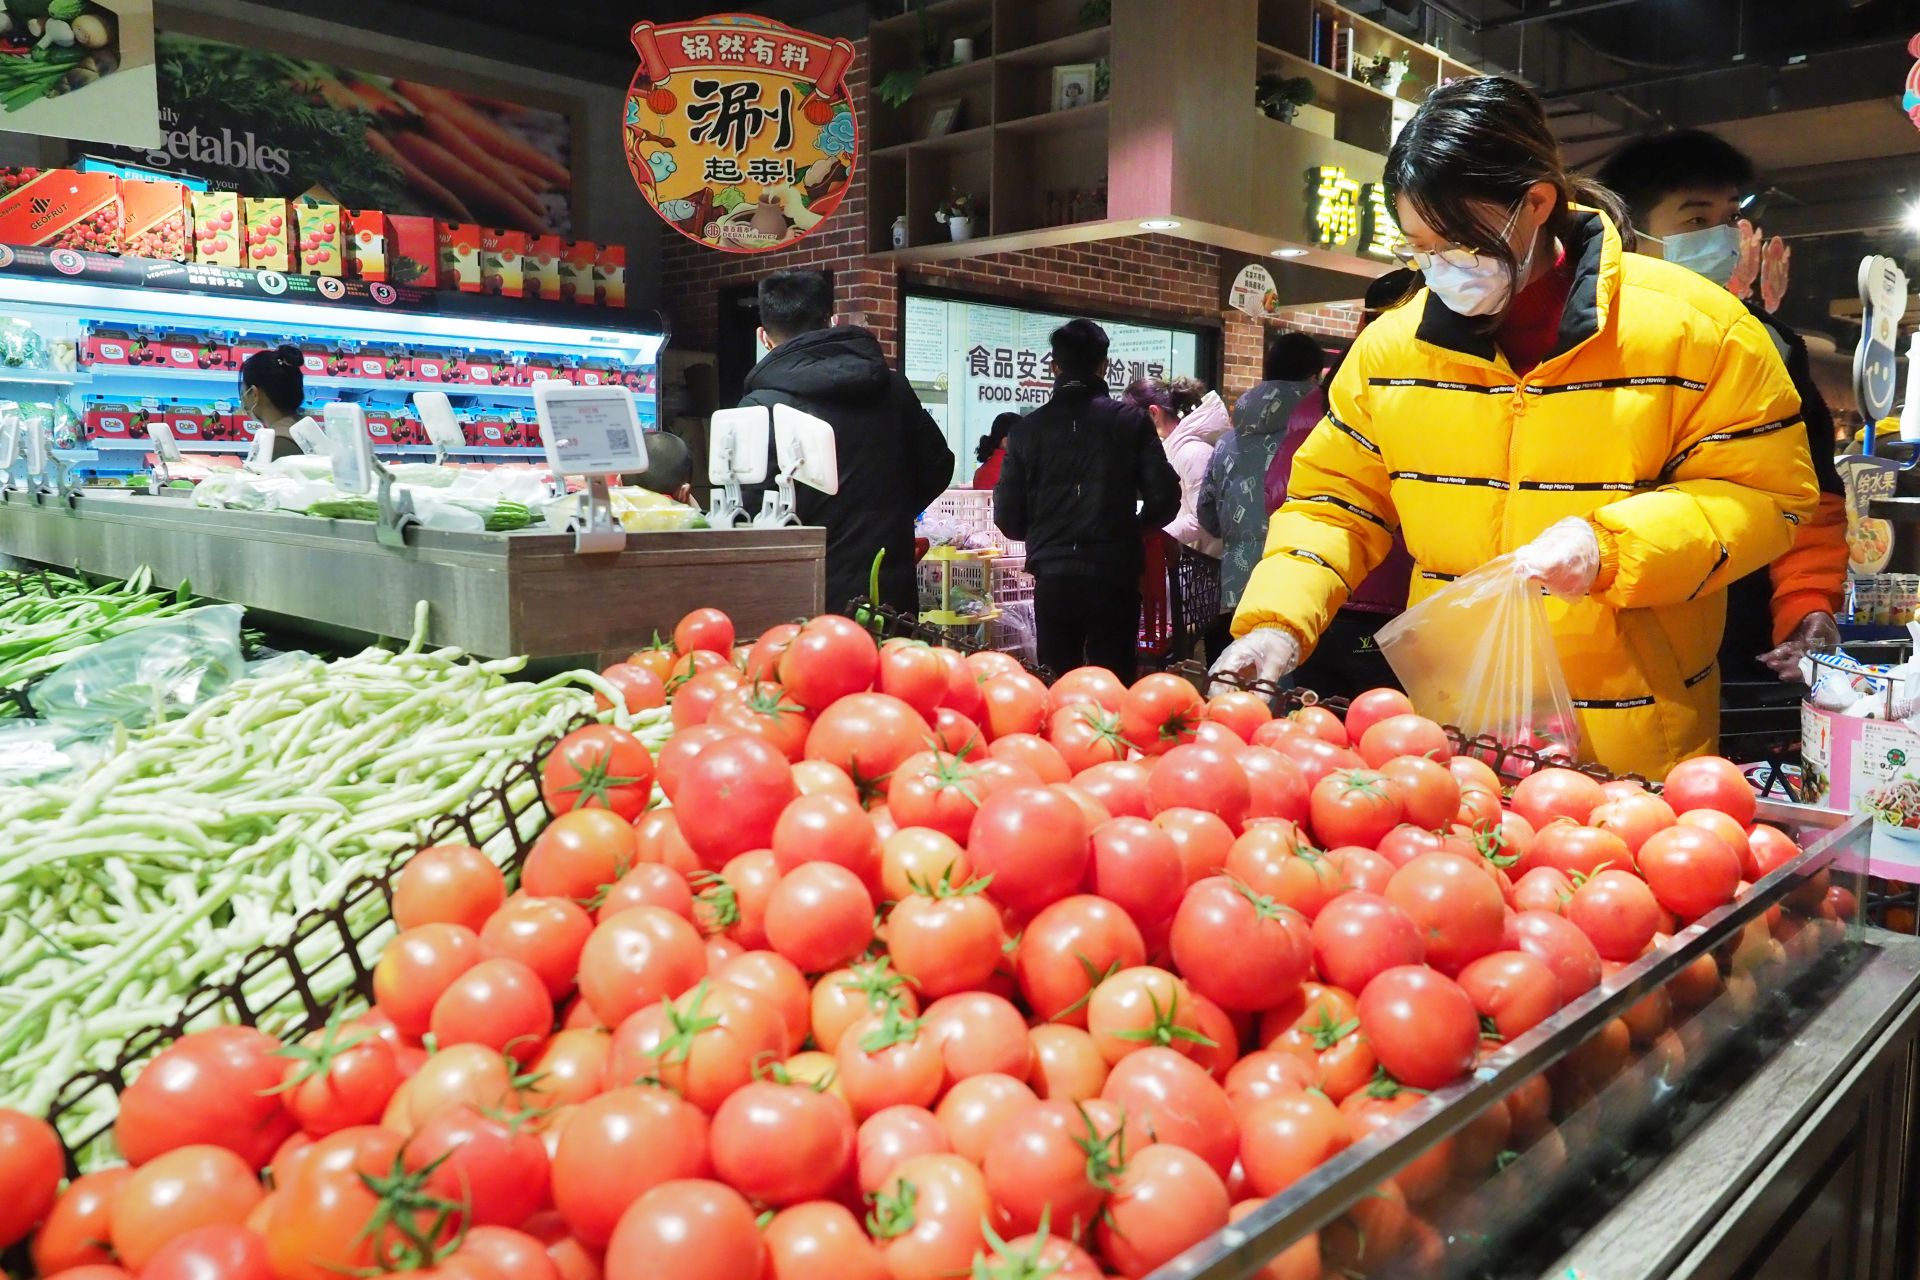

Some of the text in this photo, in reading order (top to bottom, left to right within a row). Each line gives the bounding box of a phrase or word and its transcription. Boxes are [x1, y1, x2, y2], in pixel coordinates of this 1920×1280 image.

[682, 35, 809, 71] 锅然有料
[159, 107, 181, 126] ily
[687, 80, 792, 154] 涮
[114, 125, 290, 176] getables
[215, 180, 239, 190] your
[63, 255, 73, 267] 3
[269, 276, 275, 287] 1
[327, 281, 336, 292] 2
[379, 287, 388, 297] 3
[104, 346, 121, 354] Dole
[1646, 376, 1667, 384] Moving
[979, 385, 1054, 403] FOOD SAFETY
[104, 420, 121, 428] Dole
[179, 422, 194, 431] Dole
[1857, 471, 1895, 493] 给水果
[1571, 700, 1588, 708] oving
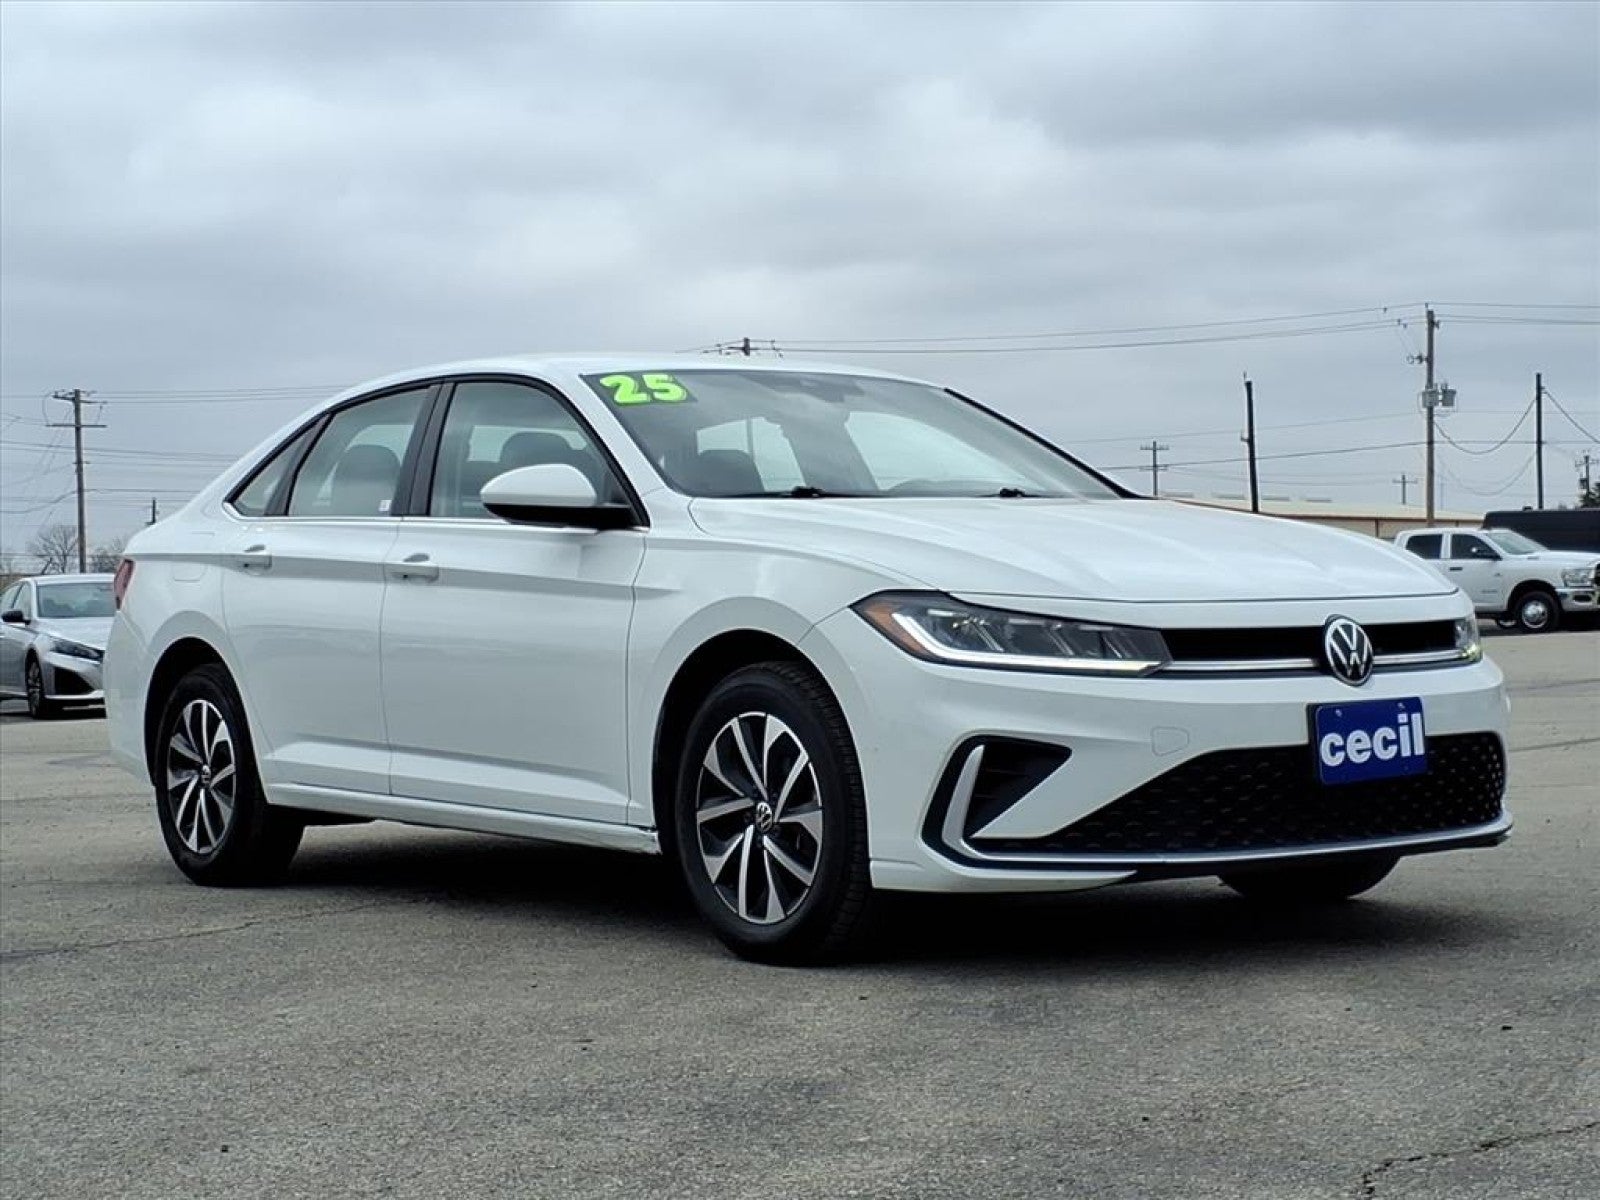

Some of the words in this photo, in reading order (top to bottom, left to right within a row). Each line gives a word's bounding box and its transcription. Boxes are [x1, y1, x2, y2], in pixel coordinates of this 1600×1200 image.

[600, 374, 687, 403] 25
[1328, 620, 1372, 682] VW
[1320, 712, 1425, 767] cecil
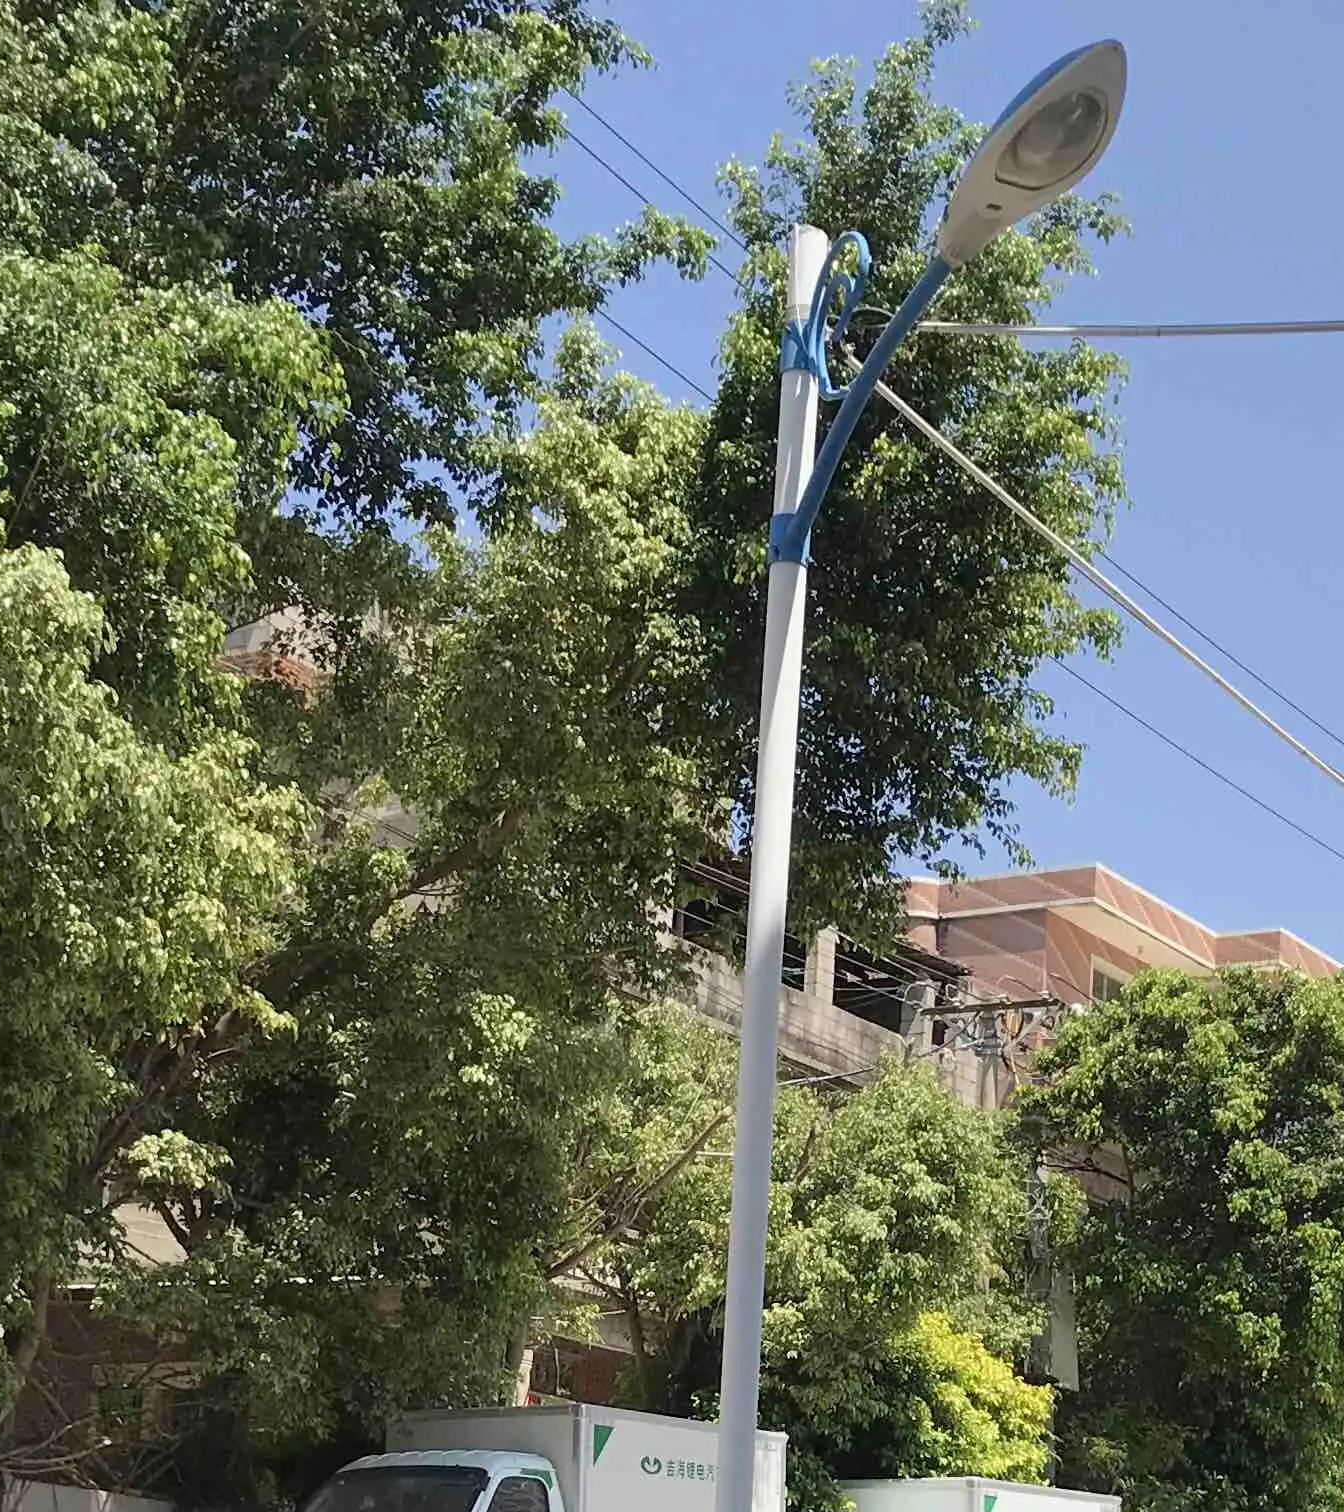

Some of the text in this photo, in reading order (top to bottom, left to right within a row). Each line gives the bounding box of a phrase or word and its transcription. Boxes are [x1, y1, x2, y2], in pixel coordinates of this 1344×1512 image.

* Task goal
A verbatim retyping of the listing, without any pictures, is the expected answer.

* Written solution
Some of the text in this photo, in reading order (top to bottom, left to right within a row). Each line gives the bounding box of a phrase or word and its transcription. Boxes are [x1, y1, x2, y2], in pixel coordinates of this 1920×1280 image.

[682, 35, 809, 71] 锅然有料
[159, 107, 181, 126] ily
[687, 80, 792, 154] 涮
[114, 125, 290, 176] getables
[215, 180, 239, 190] your
[63, 255, 73, 267] 3
[269, 276, 275, 287] 1
[327, 281, 336, 292] 2
[379, 287, 388, 297] 3
[104, 346, 121, 354] Dole
[1646, 376, 1667, 384] Moving
[979, 385, 1054, 403] FOOD SAFETY
[104, 420, 121, 428] Dole
[179, 422, 194, 431] Dole
[1857, 471, 1895, 493] 给水果
[1571, 700, 1588, 708] oving

Some of the words in this photo, in reading order (top to bottom, left to right within a row). Each line gives a word's bounding box and its transcription. Boxes are [x1, y1, x2, y2], in pixel coordinates of this 1600×1200 image.

[600, 374, 687, 403] 25
[1328, 620, 1372, 682] VW
[1320, 712, 1425, 767] cecil

Some of the text in this photo, in reading order (top to bottom, left to right within a row). Each line gives the bounding box of a phrase or word and its transcription. Boxes are [x1, y1, x2, y2], in pixel coordinates of this 1344×1512 image.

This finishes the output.